I wish everyone well with the fallout of their childhoods, an easing of the pain, and finding love, comfort and peace in their adult lives Flowers to you all x

OP posts:
Friendsoftheearth · 22/08/2020 19:26

So my mother sent me a gift with this on the front:
'how lucky am I to have something that makes saying goodbye so hard' A.A Milne.

And again I am feeling terrible, sad and how does she even know, and why send me this. It seems so sad, so very sad and has made me feel such anguish again...

OP posts:
MulticolourMophead · 22/08/2020 19:51

OP, I suggest you ignore it, put it away for now. I suspect it is part of your mother's manipulation.

AllTheUsernamesAreAlreadyTaken · 22/08/2020 19:54

@Friendsoftheearth

So my mother sent me a gift with this on the front: 'how lucky am I to have something that makes saying goodbye so hard' A.A Milne.

And again I am feeling terrible, sad and how does she even know, and why send me this. It seems so sad, so very sad and has made me feel such anguish again...

This is really cruel of her. She being very manipulative.

I agree with PP, put it away for now and try not the think about it. You’re doing what is right for your DC. Unfortunately that means not keeping your mum happy. You’re doing the right thing.
One day you’ll get thoughtful gifts from your DC that aren’t loaded with manipulation because they’ll be so grateful you kept them safe xx

Olddinosaur · 22/08/2020 20:16

Could you not meet your mother in a local town or city that she can get the bus to meaning you can avoid him but not miss out on contact with mother? That way if you needed to stay overnight due to long journey you could stay at a budget hotel?

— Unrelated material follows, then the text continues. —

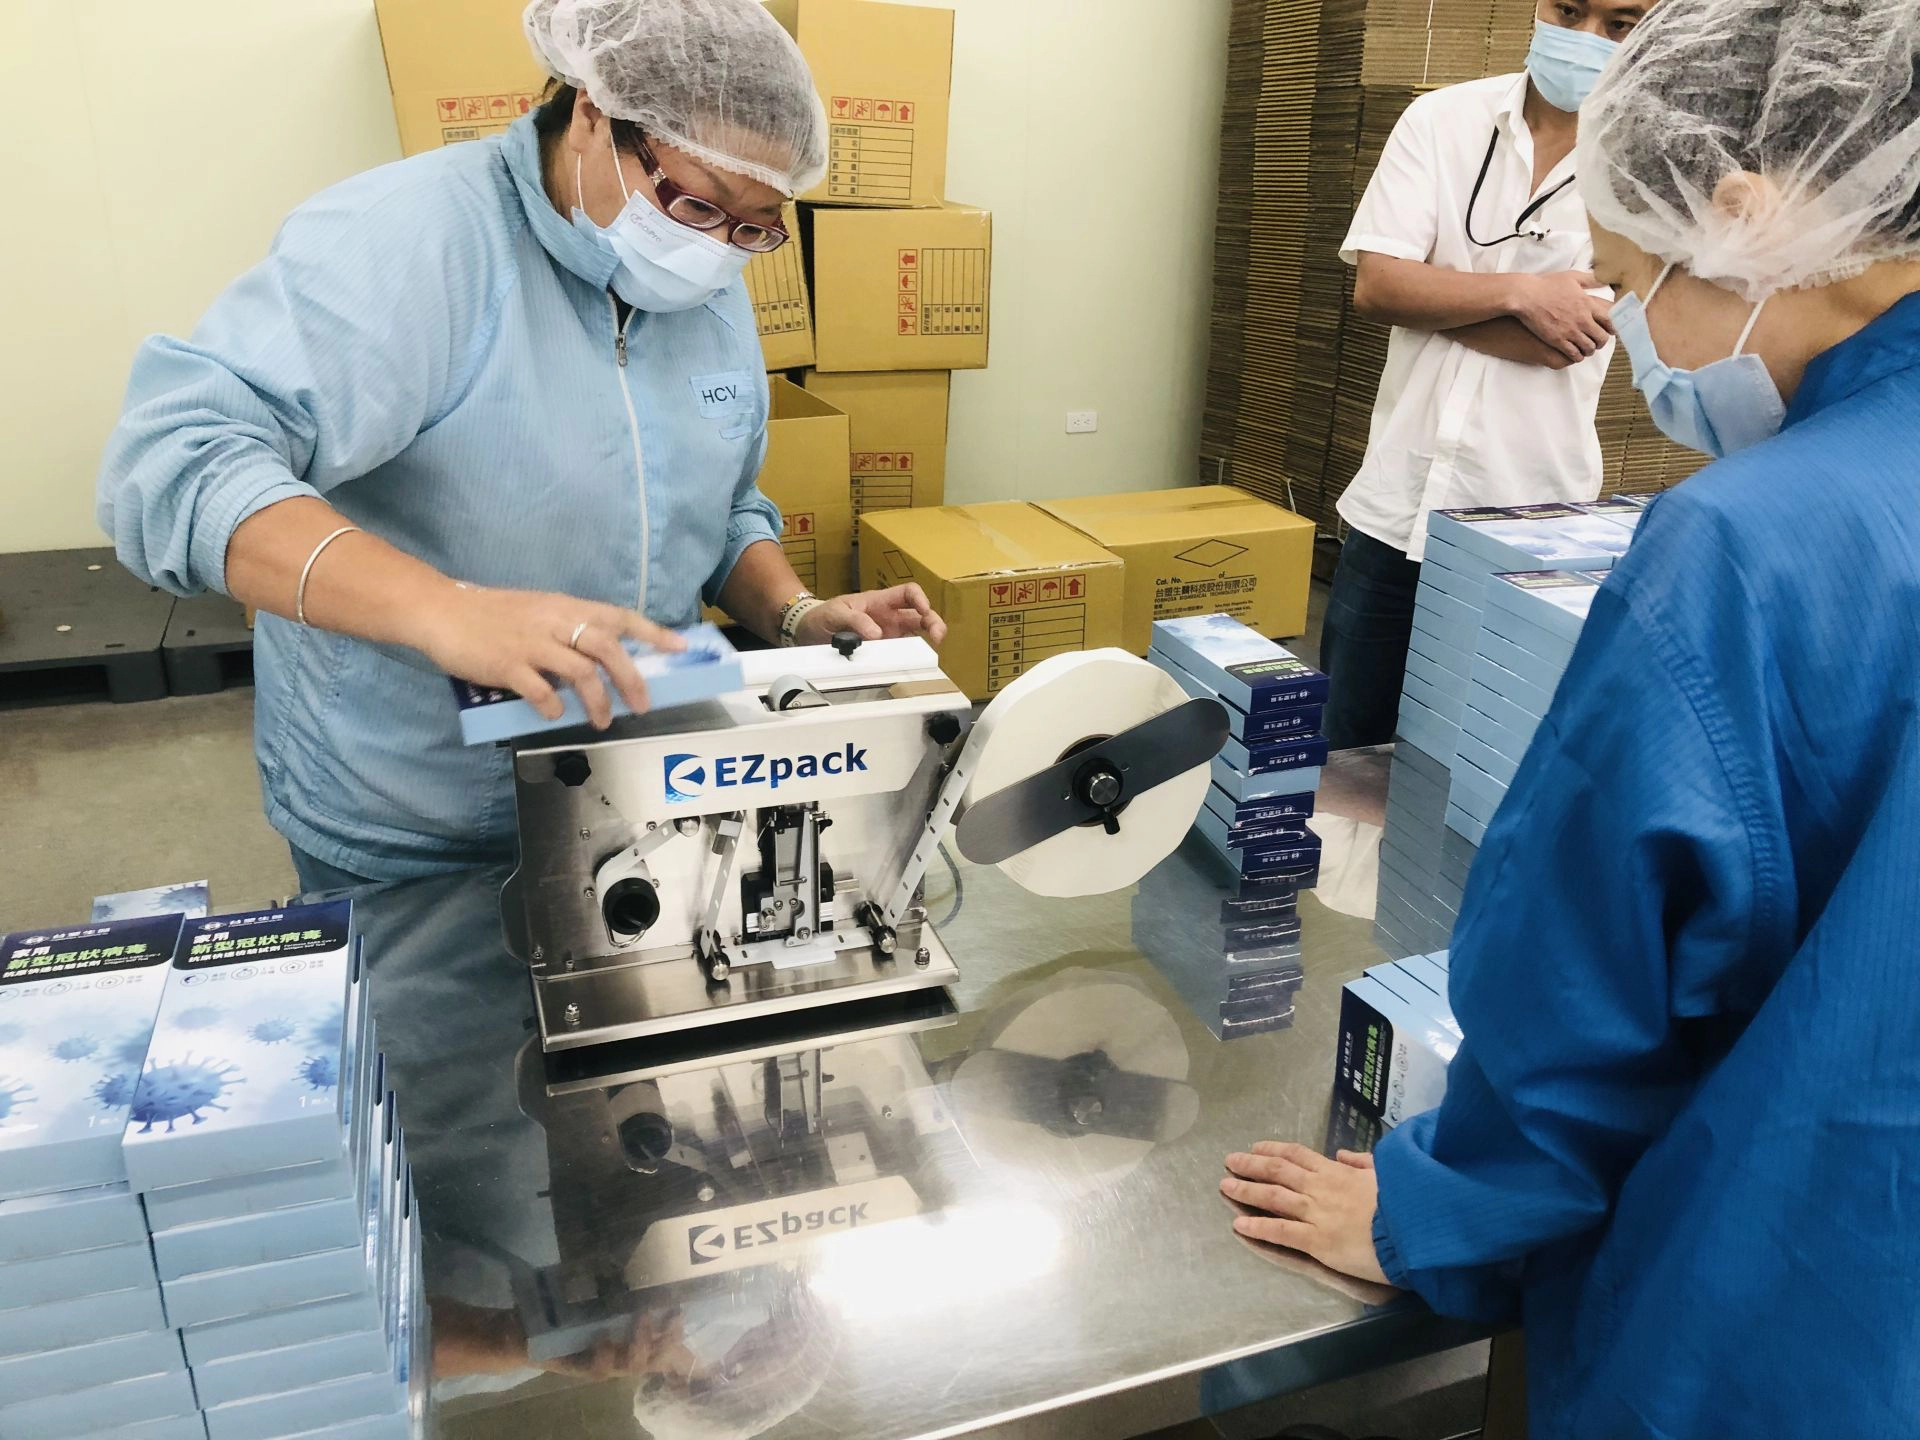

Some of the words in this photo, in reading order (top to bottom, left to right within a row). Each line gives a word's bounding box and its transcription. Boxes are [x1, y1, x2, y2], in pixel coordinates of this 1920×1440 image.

SeaEagleFeather · 22/08/2020 21:01

^So my mother sent me a gift with this on the front:
'how lucky am I to have something that makes saying goodbye so hard' A.A Milne.^

people like your mother, who have had to survive severe violence and threats, have a second sense for when things are going to go wrong. They've had to develop them. Tbh .. given your father's nature, you probably are more sensitive to atmosphere and people than most.

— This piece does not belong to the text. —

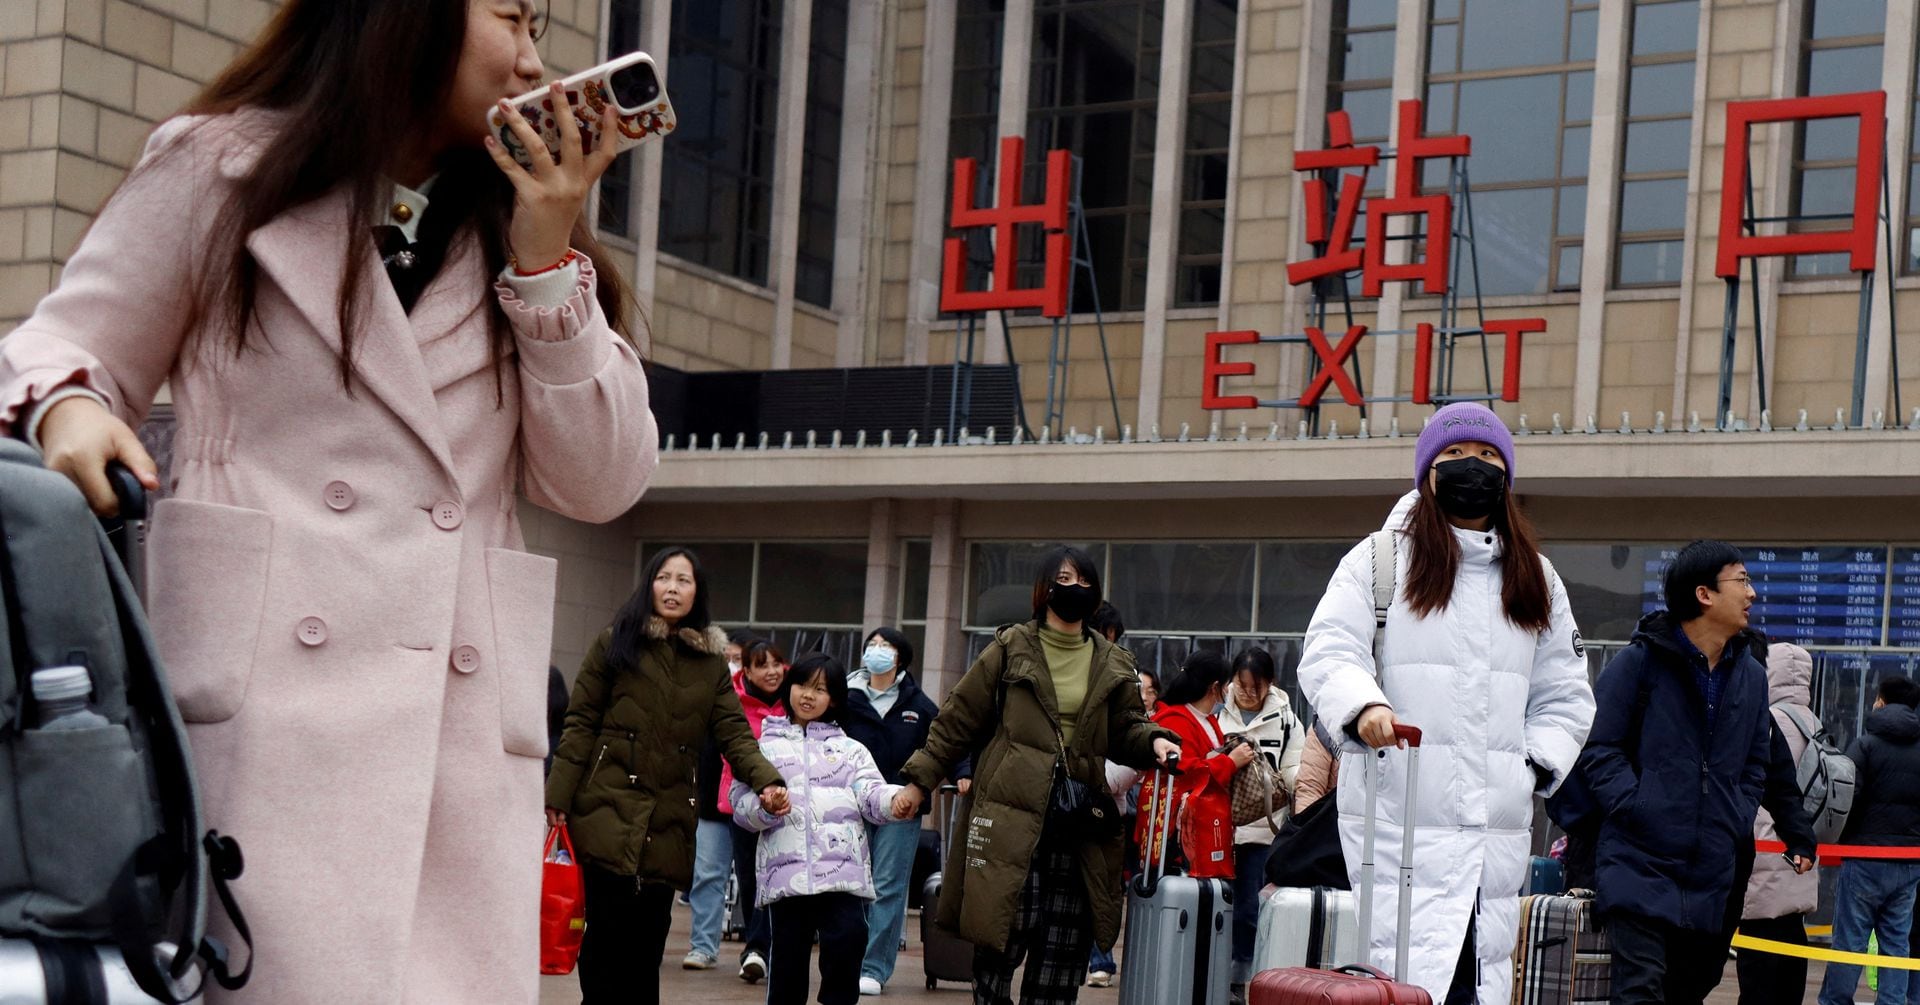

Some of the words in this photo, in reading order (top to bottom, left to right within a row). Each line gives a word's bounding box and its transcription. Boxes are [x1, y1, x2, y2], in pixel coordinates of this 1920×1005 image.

It could be coincidence, but there's a fair likelihood that she's sensed something.

But the fact remains that you have to put yourself and your children first.

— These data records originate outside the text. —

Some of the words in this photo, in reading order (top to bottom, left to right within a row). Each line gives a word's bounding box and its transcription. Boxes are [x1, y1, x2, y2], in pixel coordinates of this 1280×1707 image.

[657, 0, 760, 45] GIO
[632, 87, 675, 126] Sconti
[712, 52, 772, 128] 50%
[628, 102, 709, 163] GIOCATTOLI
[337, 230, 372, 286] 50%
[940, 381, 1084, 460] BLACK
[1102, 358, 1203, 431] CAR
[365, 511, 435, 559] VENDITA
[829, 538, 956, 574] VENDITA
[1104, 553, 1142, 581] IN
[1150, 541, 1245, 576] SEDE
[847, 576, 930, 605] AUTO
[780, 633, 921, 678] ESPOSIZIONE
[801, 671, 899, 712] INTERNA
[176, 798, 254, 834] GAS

forrestgreen · 22/08/2020 21:29

She's clinging to you, because she realises you're close to understanding how she treated you.
There's nothing wrong with saying I need some space until I've had some therapy working through my childhood.
If you word it like that you're not actually casting aspersions at her, but I bet she kicks off/sulks about you getting help for yourself.
Remember you need to put yourself (and your children first now. Your mum put herself first when you were little, your turn now.

joystir59 · 22/08/2020 21:58

Get some therapy to help you process what happened to you as a child and to help you stand strong against him now

Thurmanmurman · 22/08/2020 21:59

Cut contact with him. If your mum wants to see her grandchildren it needs to be on your terms. Maybe collect her and go somewhere without him, but make it crystal clear that only she is invited.

Friendsoftheearth · 23/08/2020 07:04

The gift does feel intended to make me feel FOG again.
It is not a straight forward present, but one that is designed almost to upset me. It is in the draw now, but I can't help but feel she is trying to reel me back in.

OP posts:
SmellsLikeFeet · 23/08/2020 07:15

your mother has done it on purpose
Put it away or bin it. Please don't let her do this to you
Forget all plans to meet up with her or confront her
It's got to stop

Friendsoftheearth · 23/08/2020 07:27

It does feel intense, I get so messages telling me she loves me. Over and over again. Do other people's mothers send messages like that?
But if I am in hospital she completely ignores me for weeks (last year)
I feel confused and tired.

OP posts:
justilou1 · 23/08/2020 08:00

You are being reeled in. Ignore.

CaveMum · 23/08/2020 08:39

I agree with others that your mum has done this deliberately. She knows your dad behaved badly during your visit and she knows that you have cut contact with him and her in the past. She is “love bombing” you, it’s a common tactic designed to throw you off.

Don’t acknowledge the gift, give it away if you can (charity shop or something) and don’t respond to her messages until you have made a decision on what you want to do.